El Poder Judicial, con más empleados: gana el gremio moyanista

El Consejo de la Magistratura avanzará en un reglamento para reducir el número de tercerizados que prestan servicios en el Poder Judicial. El objetivo principal es el plantel de personal de limpieza y maestranza cuyos reclamos desde hace años dan letra a los gremialistas de los empleados judiciales.
La nueva reglamentación, ya firmada en la comisión de Administración del cuerpo colegiado, es un guiño al moyanista Julio Piumato y que viene con el plus de tener el apoyo de los consejeros del oficialismo, lo cual facilitará la aprobación en el próximo plenario.

La nueva normativa cuenta con el aval del titular de la Magistratura, el juez Alejandro Sánchez Freytes, y de los consejeros Julián Álvarez (representante del Poder Ejecutivo), el diputado Eduardo De Pedro y el senador Marcelo Fuentes. De hecho, el único que se abstuvo de firmar fue el diputado radical Oscar Aguad.

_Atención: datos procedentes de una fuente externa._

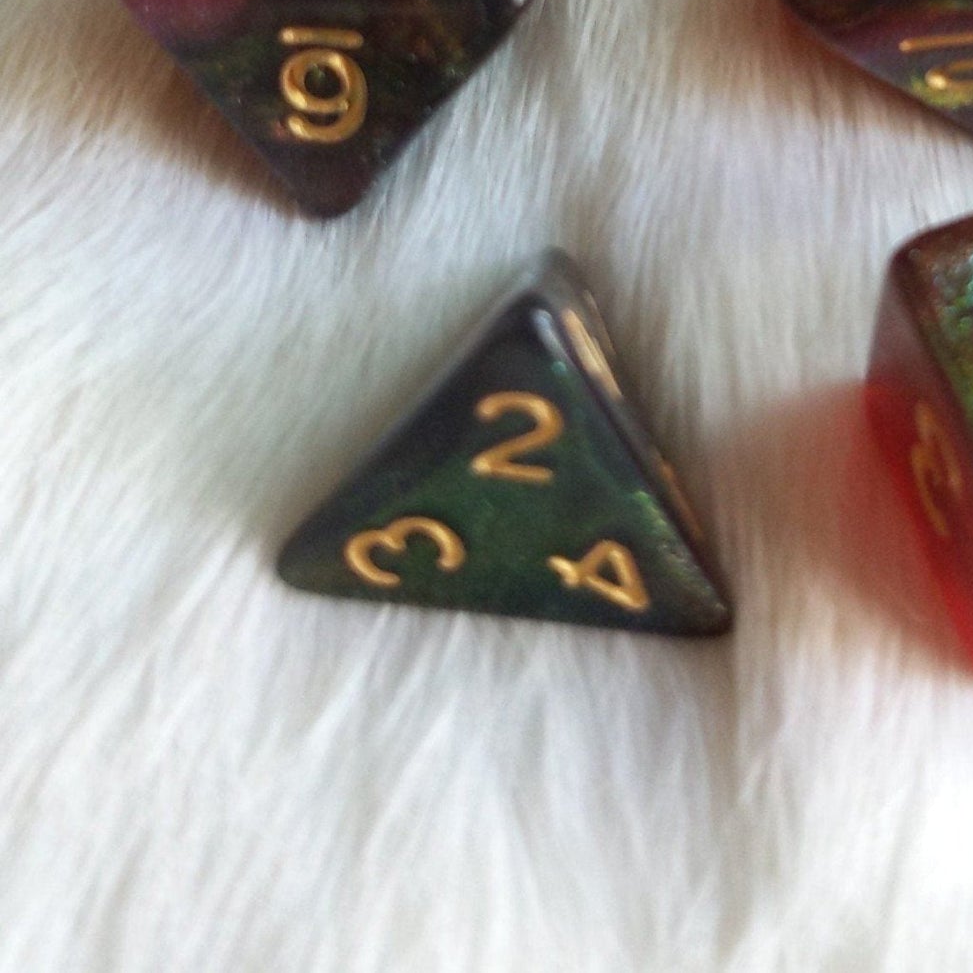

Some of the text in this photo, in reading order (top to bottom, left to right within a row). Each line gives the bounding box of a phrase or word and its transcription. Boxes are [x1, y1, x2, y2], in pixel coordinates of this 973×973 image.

El paro nacional de Piumato de hace dos semanas le dio el resultado esperado, no sólo por el proyecto que termina con las tercerizaciones sino con otros reglamentos que serán aprobados en breve y que responden a los reclamos del gremio, especialmente uno referido a la conducta que deben guardar los jueces con sus empleados . Piumato, a diferencia de otros exponentes de la CGT en la cual reporta, está en una buena temporada: la semana pasada su candidato para el Colegio Público de Abogados de la Capital, Roberto López, arrasó en la elección y al día siguiente tuvo la confirmación de que Ricardo Lorenzetti estará en el acto de asunción, el próximo 2 de junio. Ocasiones jolgoriosas que sirven como un anticipo relajado de la que será una discusión un poco más álgida en la Corte: Piumato está recibiendo llamadas de todo el país en las cuales lo apuran a requerir nuevos incrementos salariales para los empleados, asunto que se definirá en el despacho de Lorenzetti. En el gremio crece la idea de que este año los judiciales deberían recibir no tres, sino cuatro incrementos y de no ser posible impulsar medidas más extremas.

El malestar genera preocupación en la Corte y en el gremio de jueces. La semana pasada la vicepresidenta de esta última entidad, María Lilia Gómez Alonso, participó de una cumbre en República Dominicana en la cual se escucharon comentarios de la situación judicial de Perú, donde los empleados ya llevan más de 40 días de paro. Un "shut-down" de efectos devastadores (especialmente en materia penal y civil) que tiene movilizado a medio gabinete presidencial.

En la Corte, en tanto, todas las miradas apuntan a este miércoles, cuando se desarrolle una audiencia pública en el Senado en la cual serán sometidos los pliegos de los conjueces que el kirchnerismo propone para el máximo tribunal. Éste también es un issue económico: los conjueces que requieren del apoyo de la Cámara alta son los únicos en condiciones de pronunciarse al momento de discutir si los jueces deben o no pagar el Impuesto a las Ganancias.

Entre los diez nombres propuestos figuran León Arslanían, Gustavo Ferreyra, Tomás Hutchinson, Ricardo Nissen (quien será fuertemente criticado por la oposición por su paso por la Inspección General de Justicia) y José Chirico, profesor de Filosofía del Derecho y referente académico del viceministro Álvarez. Los ministros de la Corte en general están de acuerdo con el recambio de la lista de conjueces (la que actualmente rige viene de la administración de Eduardo Duhalde) pero hay observaciones respecto de la metodología ya que entienden que la aprobación de los pliegos debería contar, al igual que cuando se propone un supremo, con los 2/3 de la voluntades. Esta semana, en materia económica, la Magistratura espera alguna señal por parte de los jueces respecto de la figura del sub administrador del Poder Judicial, posición que el kirchnerismo desea y que entiende le corresponde antes de que el Tesoro comience a financiar al cuerpo colegiado cuando este deba pagar los salarios de todo el Poder Judicial.